Required work: Write the listing below out again in full, dropping its pictures.
--------------------------------------------------
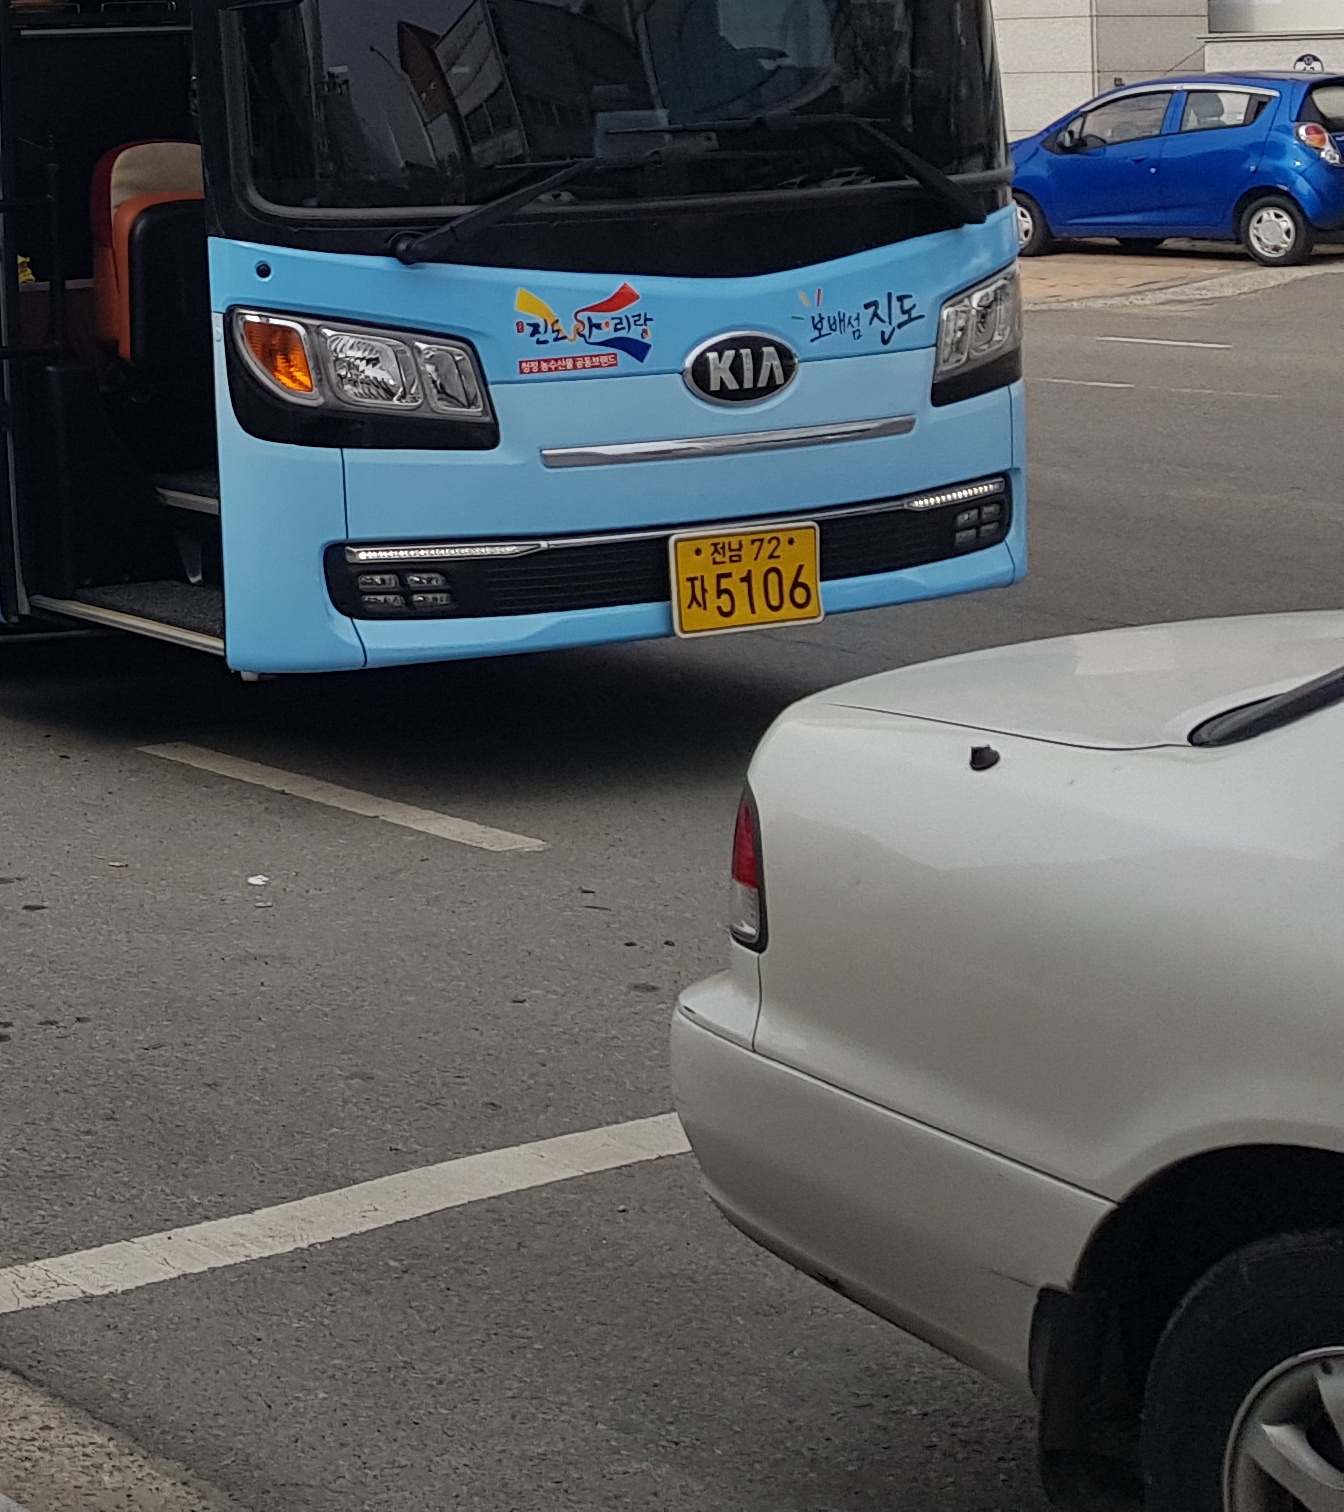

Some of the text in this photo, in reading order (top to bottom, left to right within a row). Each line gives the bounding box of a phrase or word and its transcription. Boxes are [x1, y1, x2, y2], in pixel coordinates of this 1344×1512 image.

[809, 291, 926, 346] 보배섬 진도
[540, 358, 575, 372] 농수산물
[575, 354, 617, 369] 공동브랜드
[705, 347, 785, 391] KIA
[710, 536, 781, 566] 전남 72
--------------------------------------------------
The answer:
Some of the text in this photo, in reading order (top to bottom, left to right within a row). Each line gives the bounding box of a phrase or word and its transcription. Boxes are [x1, y1, x2, y2], in pixel coordinates of this 1344×1512 image.

[809, 291, 926, 346] 보배섬 진도
[540, 358, 575, 372] 농수산물
[575, 354, 617, 369] 공동브랜드
[705, 347, 785, 391] KIA
[710, 536, 781, 566] 전남 72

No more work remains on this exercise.